(Dataset excerpts)
┄┄┄┄┄┄┄┄┄┄┄┄┄┄┄┄┄┄┄┄

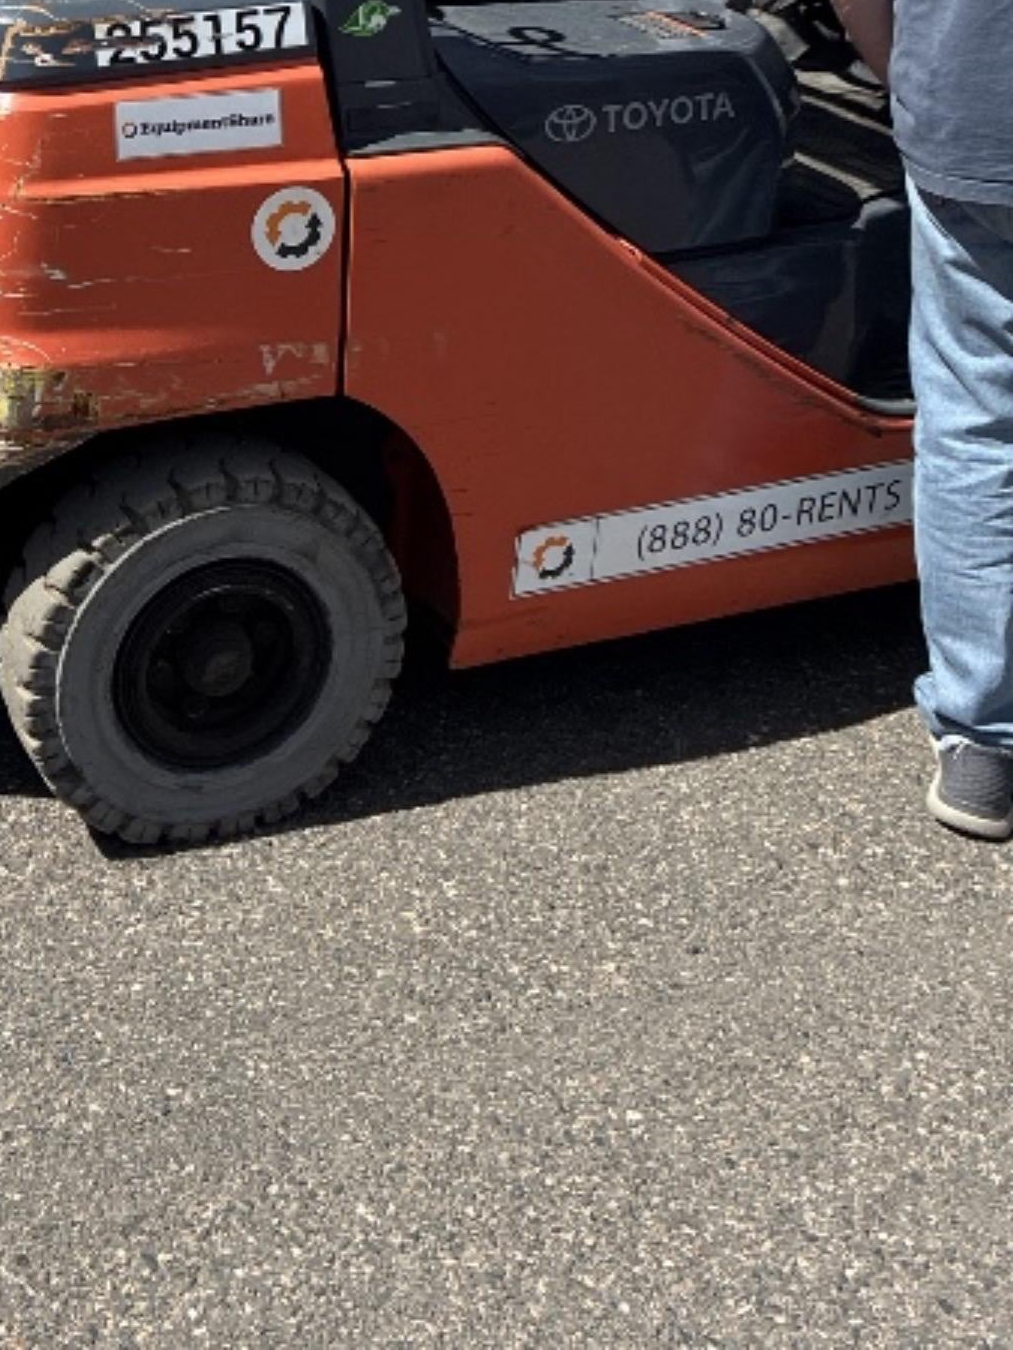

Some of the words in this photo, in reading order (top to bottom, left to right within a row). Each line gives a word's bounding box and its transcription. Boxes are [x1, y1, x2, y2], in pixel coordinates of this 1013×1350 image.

[104, 5, 291, 65] 255157
[602, 92, 736, 134] TOYOTA
[637, 511, 723, 560] (888)
[737, 479, 902, 538] 80-RENTS
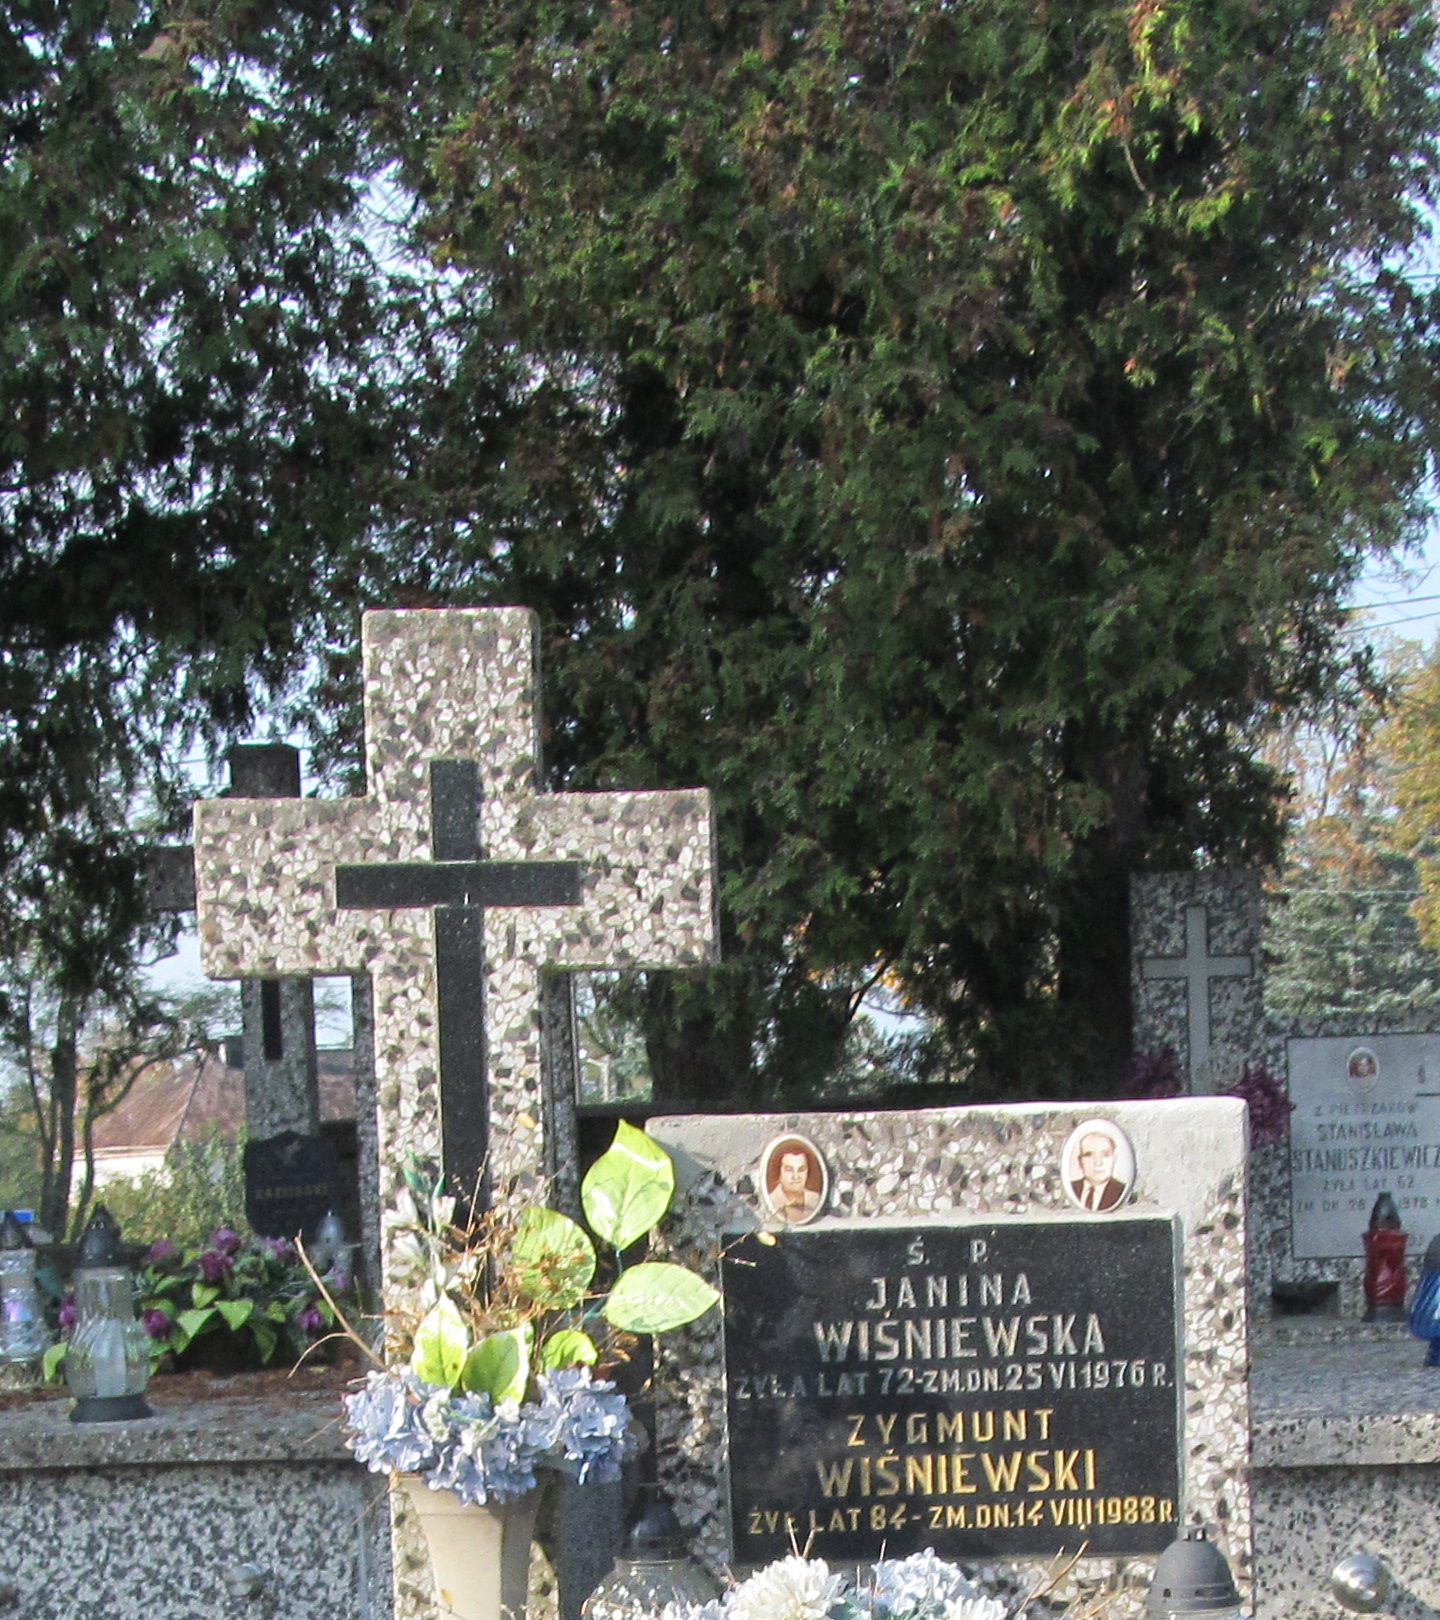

┄┄┄┄┄┄┄┄┄┄┄┄┄┄┄┄┄┄┄┄

### Problem requirements
Make an exact copy of the data above, pictures excluded.

### Response below
Some of the words in this photo, in reading order (top to bottom, left to right within a row). Each line gives a word's bounding box and its transcription. Boxes are [x1, y1, x2, y2], in pixel coordinates of this 1013×1350 image.

[104, 5, 291, 65] 255157
[602, 92, 736, 134] TOYOTA
[637, 511, 723, 560] (888)
[737, 479, 902, 538] 80-RENTS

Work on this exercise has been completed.